**WHAT IS BEING ASKED:** Exact copies of all the lines below are needed, without the pictures.

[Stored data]
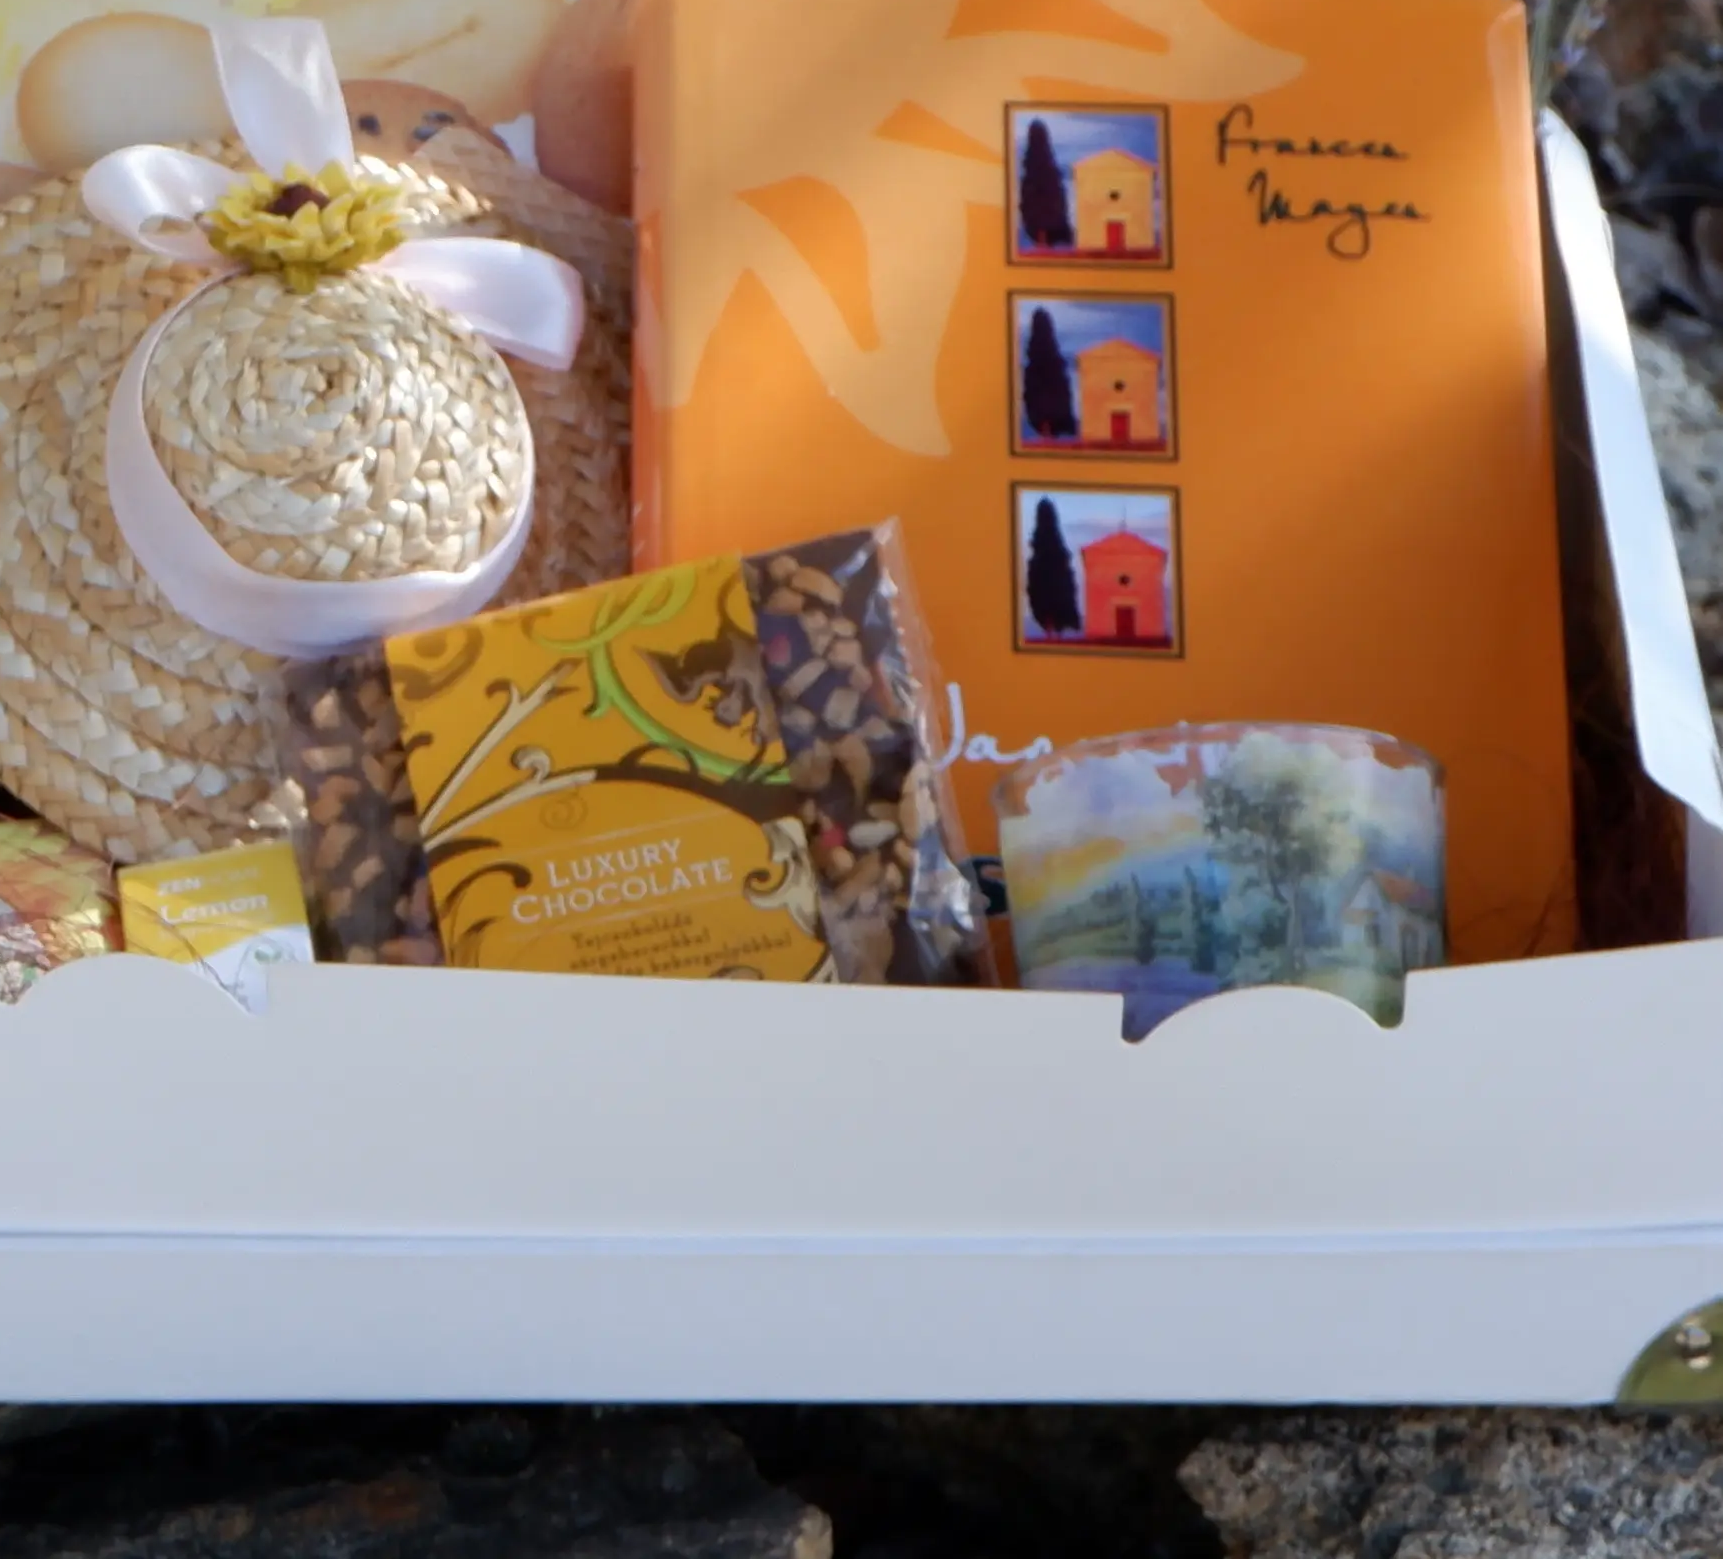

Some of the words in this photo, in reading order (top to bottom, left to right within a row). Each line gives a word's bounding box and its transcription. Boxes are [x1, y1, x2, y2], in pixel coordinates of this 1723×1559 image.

[510, 856, 734, 924] CHOCOLATE
[545, 837, 683, 890] LUXURY
[159, 893, 270, 926] Lemon
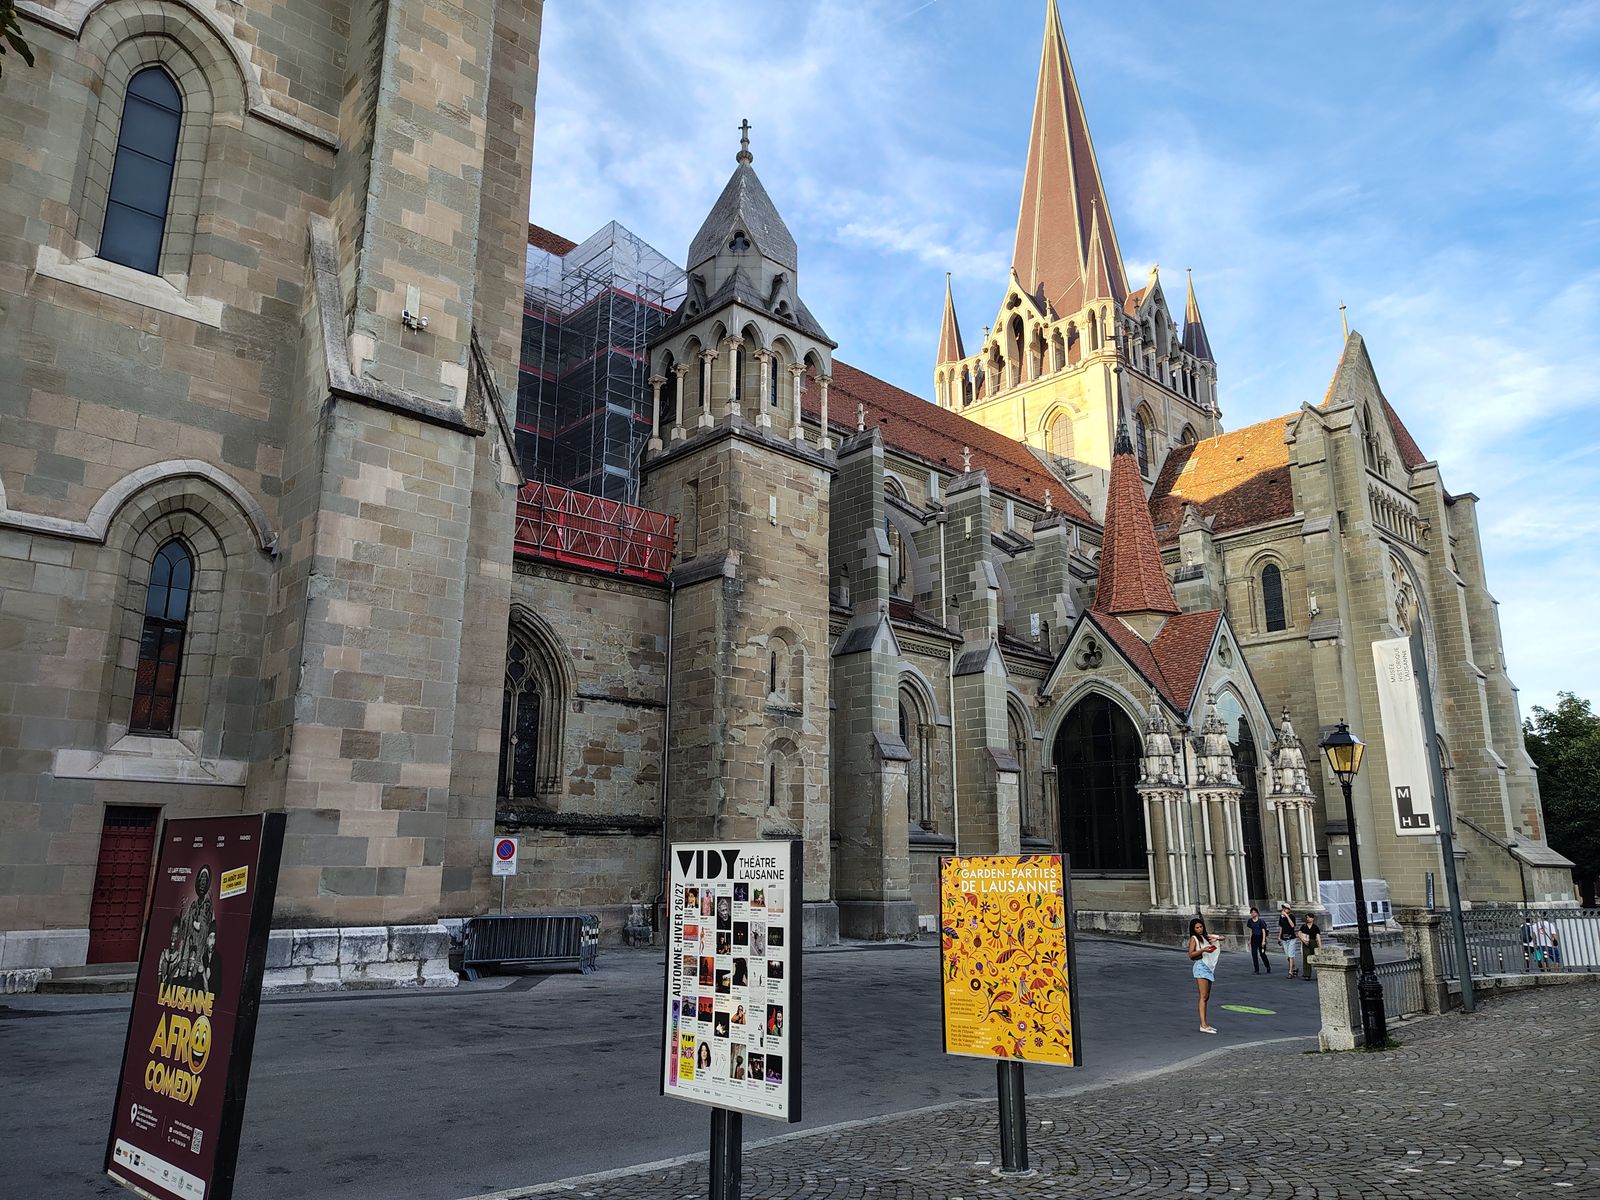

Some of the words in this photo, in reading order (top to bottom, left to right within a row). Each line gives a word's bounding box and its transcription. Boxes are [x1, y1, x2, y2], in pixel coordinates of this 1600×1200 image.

[1402, 650, 1410, 681] LAUSANNE
[676, 849, 741, 879] VIDY
[739, 855, 776, 868] THÉÂTRE
[740, 869, 785, 880] LAUSANNE
[961, 868, 1056, 879] GARDEN-PARTIES
[674, 882, 685, 911] 26/27
[961, 880, 976, 893] DE
[981, 880, 1057, 893] LAUSANNE
[672, 913, 684, 997] AUTOMNE-HIVER
[158, 982, 215, 1018] LAUSANNE
[144, 1060, 202, 1107] COMEDY

**TASK SOLUTION:**
Some of the words in this photo, in reading order (top to bottom, left to right within a row). Each line gives a word's bounding box and its transcription. Boxes are [x1, y1, x2, y2], in pixel coordinates of this 1723×1559 image.

[510, 856, 734, 924] CHOCOLATE
[545, 837, 683, 890] LUXURY
[159, 893, 270, 926] Lemon

Some of the words in this photo, in reading order (top to bottom, left to right within a row). Each line gives a word's bounding box and its transcription. Boxes are [x1, y1, x2, y2], in pixel coordinates of this 1600×1200 image.

[1402, 650, 1410, 681] LAUSANNE
[676, 849, 741, 879] VIDY
[739, 855, 776, 868] THÉÂTRE
[740, 869, 785, 880] LAUSANNE
[961, 868, 1056, 879] GARDEN-PARTIES
[674, 882, 685, 911] 26/27
[961, 880, 976, 893] DE
[981, 880, 1057, 893] LAUSANNE
[672, 913, 684, 997] AUTOMNE-HIVER
[158, 982, 215, 1018] LAUSANNE
[144, 1060, 202, 1107] COMEDY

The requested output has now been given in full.